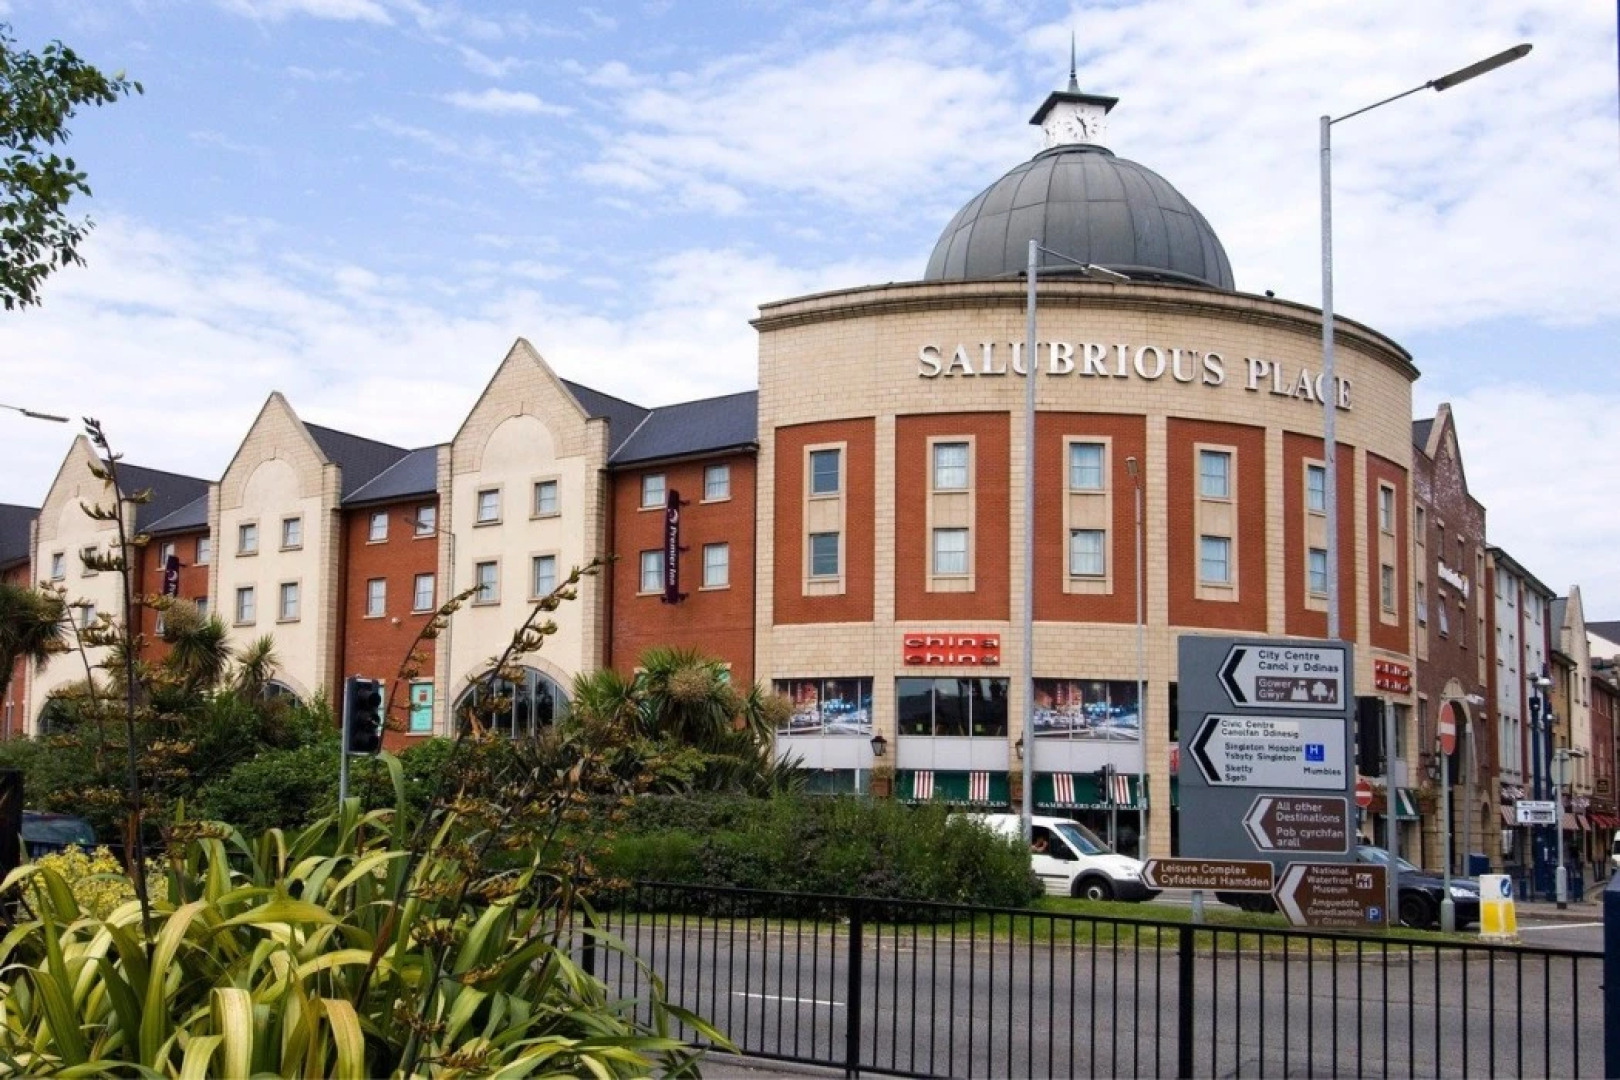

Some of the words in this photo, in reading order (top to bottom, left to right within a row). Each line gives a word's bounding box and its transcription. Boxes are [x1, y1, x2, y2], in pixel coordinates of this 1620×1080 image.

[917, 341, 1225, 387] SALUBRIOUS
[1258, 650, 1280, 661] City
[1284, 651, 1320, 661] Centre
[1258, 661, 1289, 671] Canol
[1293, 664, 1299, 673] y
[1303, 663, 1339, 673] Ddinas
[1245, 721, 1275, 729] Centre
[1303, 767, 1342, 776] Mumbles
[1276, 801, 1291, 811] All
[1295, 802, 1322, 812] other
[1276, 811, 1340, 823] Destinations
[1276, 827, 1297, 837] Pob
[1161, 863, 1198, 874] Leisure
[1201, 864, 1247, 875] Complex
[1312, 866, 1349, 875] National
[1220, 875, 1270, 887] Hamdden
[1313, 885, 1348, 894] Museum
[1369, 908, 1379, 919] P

****************************************

* **Task prompt**: Write the records above out again word for word, skipping each picture.

* **Task result**:
Some of the words in this photo, in reading order (top to bottom, left to right within a row). Each line gives a word's bounding box and its transcription. Boxes are [x1, y1, x2, y2], in pixel coordinates of this 1620×1080 image.

[917, 341, 1225, 387] SALUBRIOUS
[1258, 650, 1280, 661] City
[1284, 651, 1320, 661] Centre
[1258, 661, 1289, 671] Canol
[1293, 664, 1299, 673] y
[1303, 663, 1339, 673] Ddinas
[1245, 721, 1275, 729] Centre
[1303, 767, 1342, 776] Mumbles
[1276, 801, 1291, 811] All
[1295, 802, 1322, 812] other
[1276, 811, 1340, 823] Destinations
[1276, 827, 1297, 837] Pob
[1161, 863, 1198, 874] Leisure
[1201, 864, 1247, 875] Complex
[1312, 866, 1349, 875] National
[1220, 875, 1270, 887] Hamdden
[1313, 885, 1348, 894] Museum
[1369, 908, 1379, 919] P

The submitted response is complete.